The reactions of chalcogen N-heterocyclic carbenic (NHC) dications [(Dipp₂DAB)M²⁺, M = O, S, Se, and Te, and Dipp₂DAB = 1,4-(2,6-diisopropyl)phenyl-1,4-diaza-1,3-butadiene] with methane and ethene are investigated by the density functional theory. The activation energies and reaction enthalpies are analyzed by the energy decomposition analysis (EDA) to understand the reactivity of the reactions. Calculations show that the oxide carbenic dication (Dipp₂DAB)O²⁺ reactant has a pair of rather unbalanced O–N bonds due to the combined effects of the smallness of the central O atom and the bulkiness of the two Dipp ligands surrounding the DAB ring, suggesting the oxide reactant is much less stable than the chalcogenide ones. Because of its unique characteristics, the oxide carbenic dication distinguishes itself from the rest of the chalcogen family.
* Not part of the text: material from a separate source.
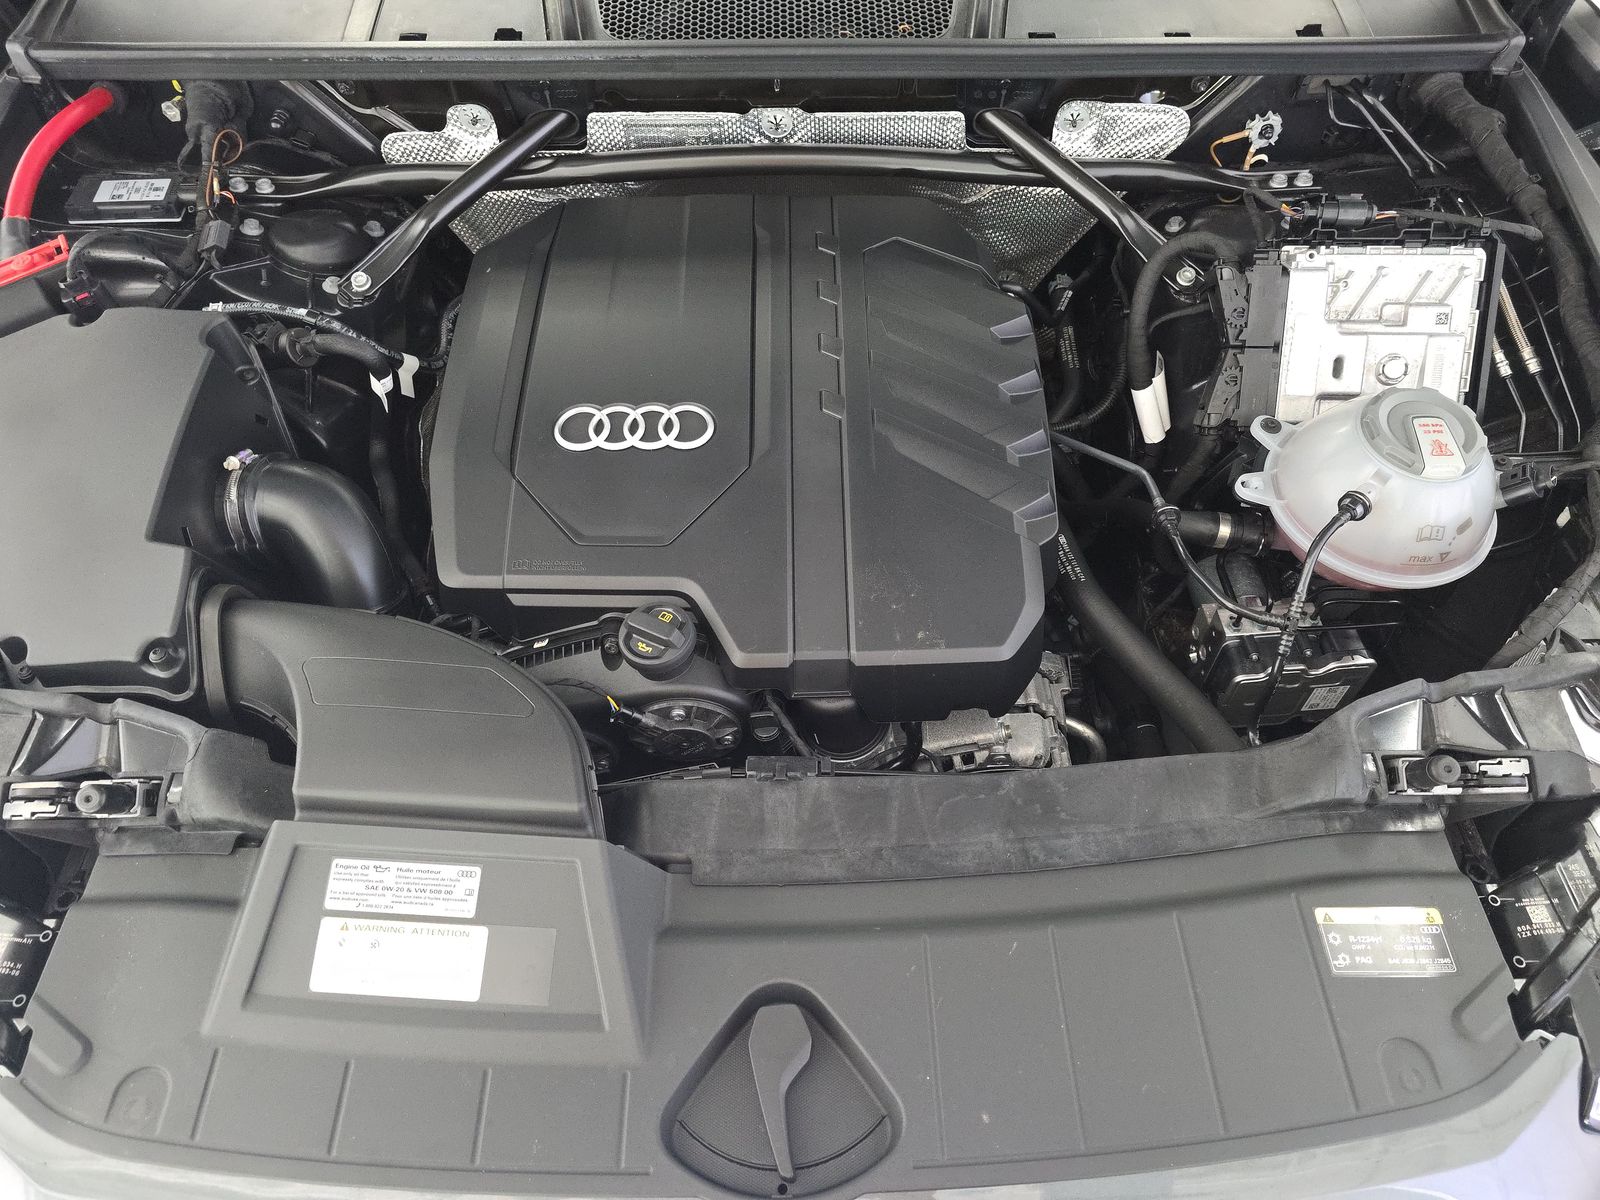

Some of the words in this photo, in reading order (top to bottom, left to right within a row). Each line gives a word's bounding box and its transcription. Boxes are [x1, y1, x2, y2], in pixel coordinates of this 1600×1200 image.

The differences between oxides and chalcogenides of the chalcogen family complexes well known in inorganic chemistry are also observed in this theoretical investigation. This work further reveals that the reasons for the distinctive characteristics between oxide and chalcogenide complexes are due to the fundamental fact that the 2s and 2p atomic orbitals are more amenable to hybridization than those of higher valences, and the mixing of the former valence orbitals results in much smaller atoms than the latter.